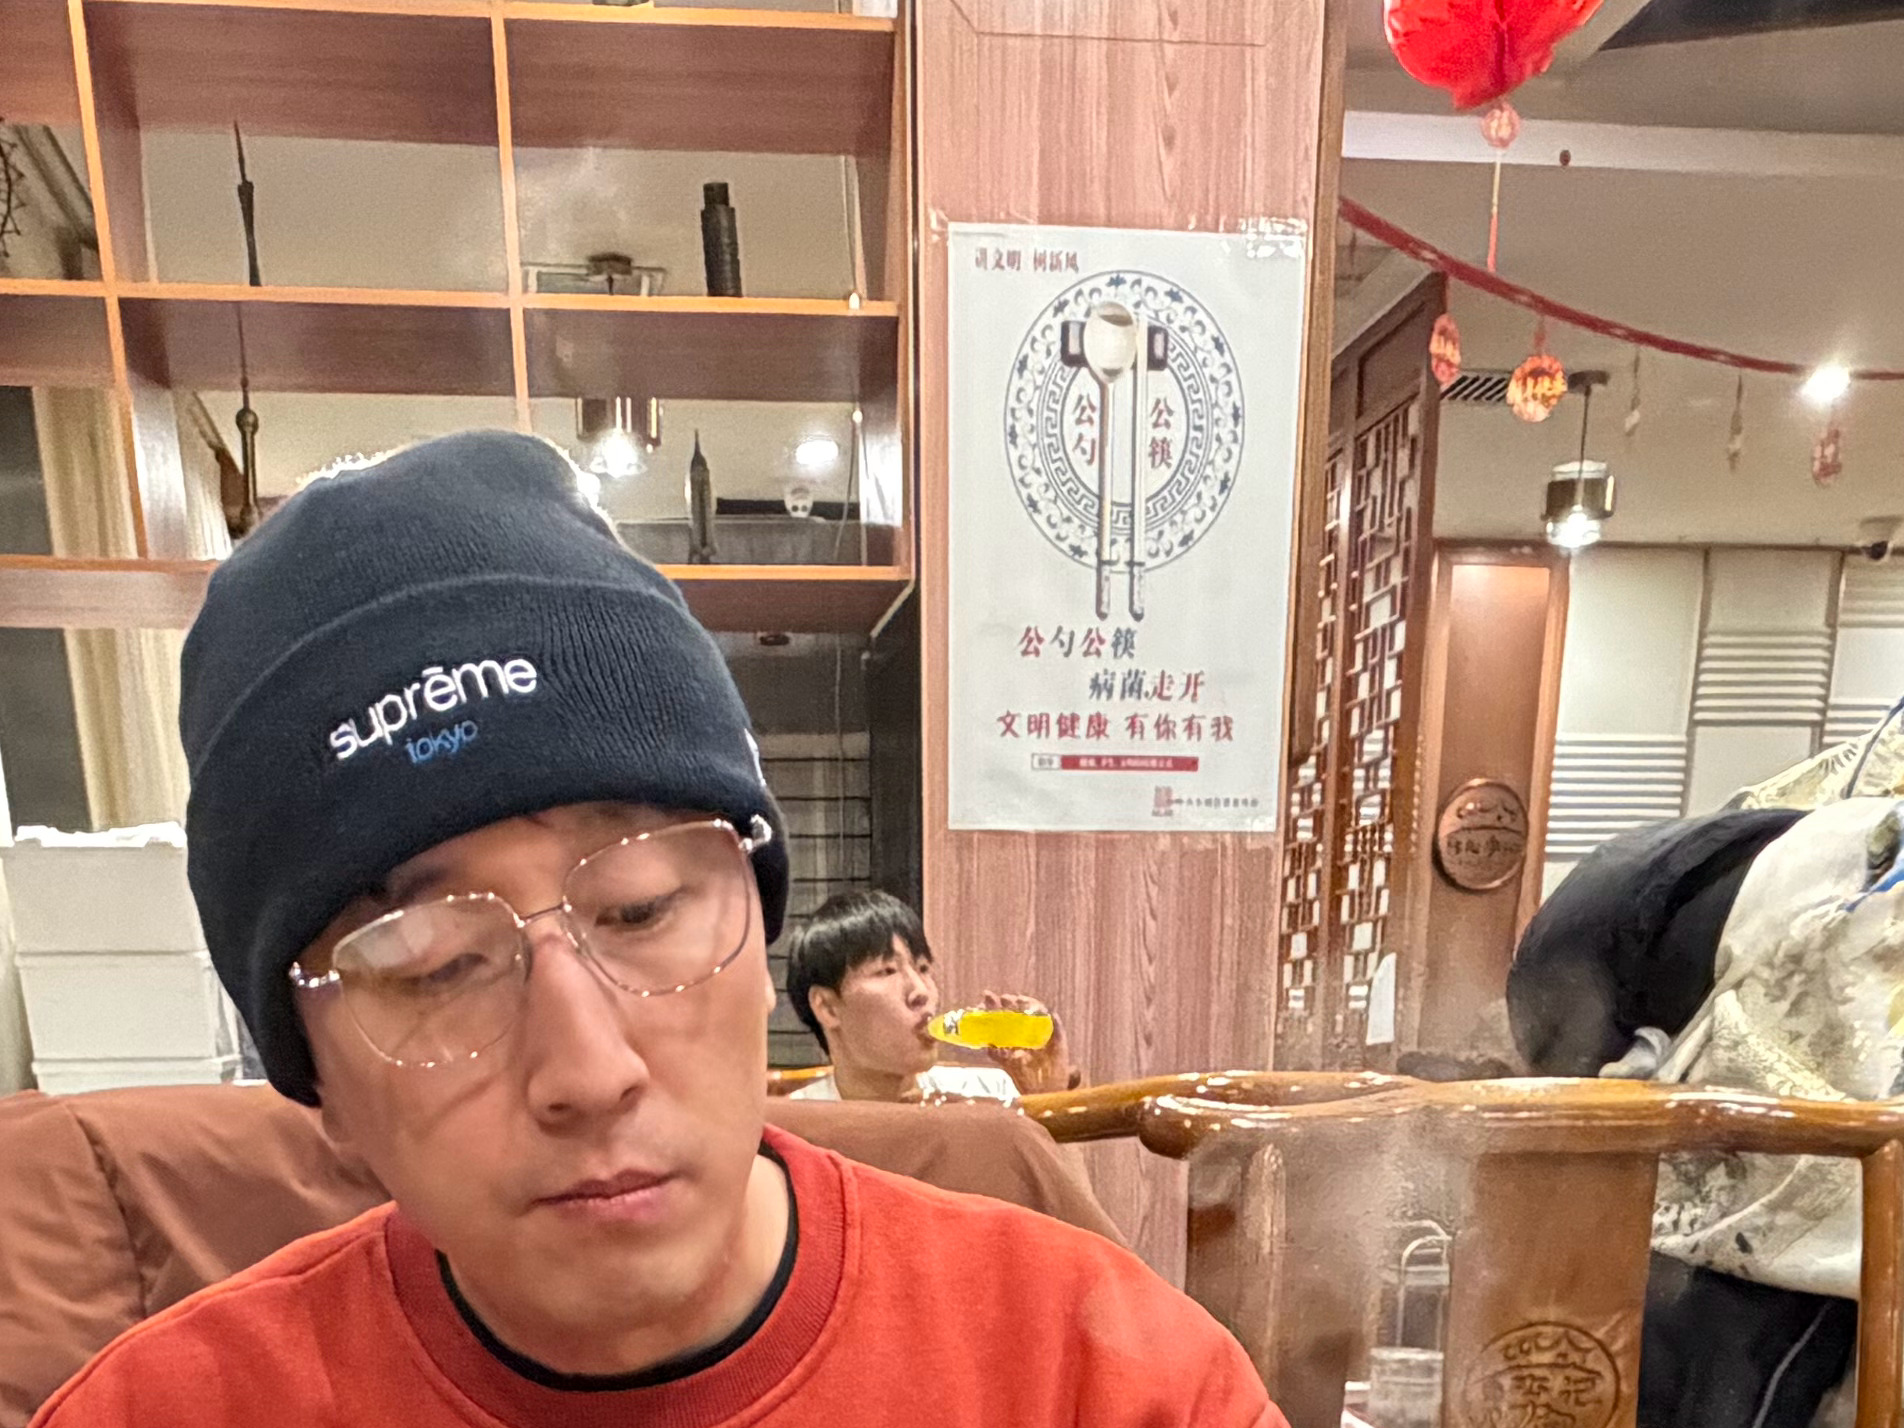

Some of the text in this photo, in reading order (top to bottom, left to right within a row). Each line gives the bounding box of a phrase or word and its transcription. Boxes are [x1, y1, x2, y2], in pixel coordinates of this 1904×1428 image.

[1072, 393, 1096, 466] 公勺
[1147, 396, 1175, 469] 公筷
[1017, 625, 1138, 660] 公勺公筷
[1088, 668, 1206, 704] 病菌走开
[996, 709, 1235, 742] 文明健康 有你有我

══════

When repeating the listing, keep each line exact and exclude the pictures.

Some of the text in this photo, in reading order (top to bottom, left to right within a row). Each line gives the bounding box of a phrase or word and its transcription. Boxes are [x1, y1, x2, y2], in pixel coordinates of this 1904×1428 image.

[1072, 393, 1096, 466] 公勺
[1147, 396, 1175, 469] 公筷
[1017, 625, 1138, 660] 公勺公筷
[1088, 668, 1206, 704] 病菌走开
[996, 709, 1235, 742] 文明健康 有你有我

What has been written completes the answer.